Editor’s note: This is the second part of a two-part story.

SALEM, Ohio — Per- and polyfluoroalkyl substances, or PFAS, a class of so-called “forever chemicals,” have, by now, pervaded much of the land, soil and groundwater we depend on, unleashed over decades from industry and consumer product manufacturing. With the chemicals’ fingerprints linking them to multiple cancers and other serious health problems, we know PFAS has a staggeringly long reach. But does this supervillain have any kryptonite?

The uncertainty surrounding contamination from PFAS abounds when considering the problem in full: How widespread is the contamination, anyway? And who should pay to fix it?

These open questions are behind the stalled progress just about everywhere, according to Emily Liss, policy manager at the American Farmland Trust.

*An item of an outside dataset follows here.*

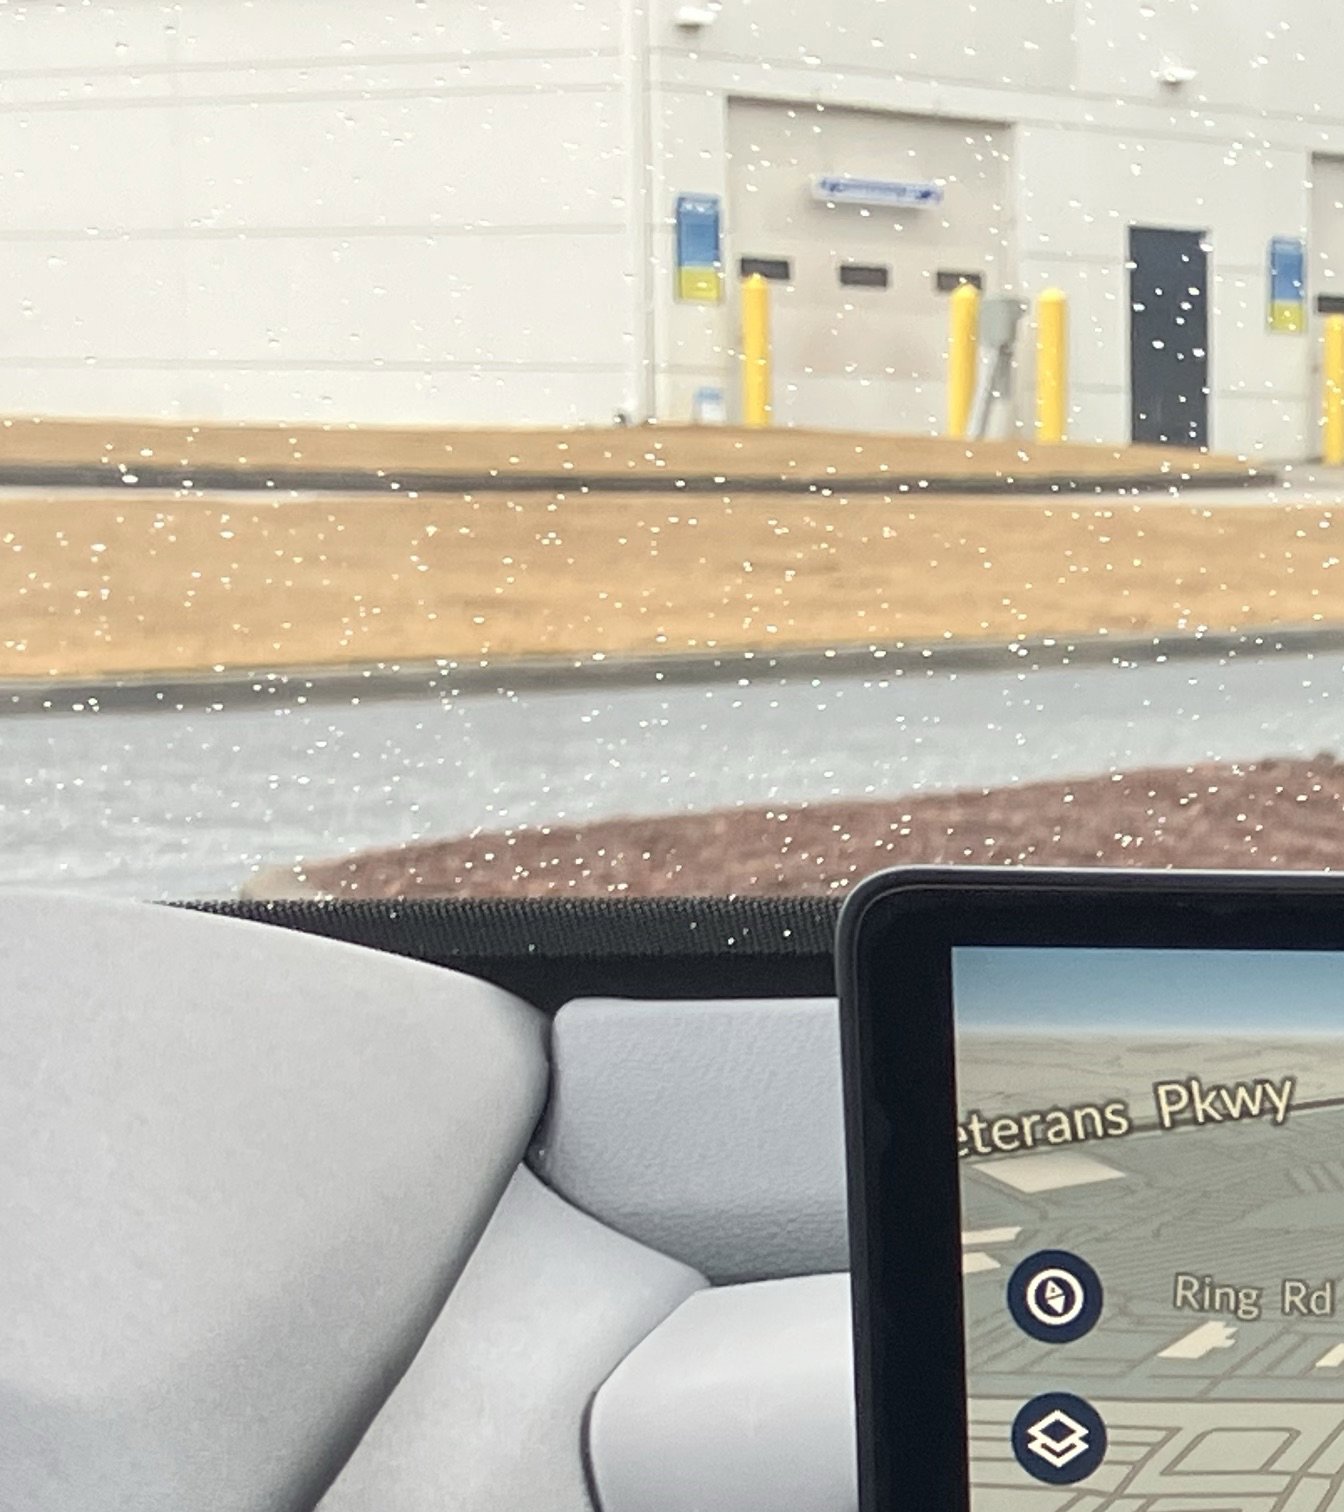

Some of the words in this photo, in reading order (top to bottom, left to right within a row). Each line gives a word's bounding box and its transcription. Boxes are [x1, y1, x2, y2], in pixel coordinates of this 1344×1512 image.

[1157, 1079, 1292, 1128] Pkwy
[1173, 1275, 1261, 1320] Ring
[1283, 1280, 1332, 1315] Rd

The problem started years ago but began drawing widespread attention in 2016, when PFAS contamination was discovered on a Maine farm, prompting the state to aggressively test land and water. In the years that followed, the state legislature established a $60 million PFAS Fund, creating a relief program for affected farmers. Today, Maine is a national leader, systematically looking for PFAS in its agricultural soils and groundwater. But what works in the Pine Tree State may not be a one-size-fits-all solution for the rest of the nation. Experts say that without the resources they need, many farmers simply won’t be in a position to adapt successfully. And Maine might not have all the answers.

“You really need a relief and support system before you do any testing. Because we’ve started to see some states be like, ‘Yeah, we should just be testing farms for PFAS.’ And then you’re like, ‘Great, okay, so if you test for it, you will find it. What is your plan when you find it?’ Because if the cost is putting farms out of business, that is not a reasonable solution,” said Liss.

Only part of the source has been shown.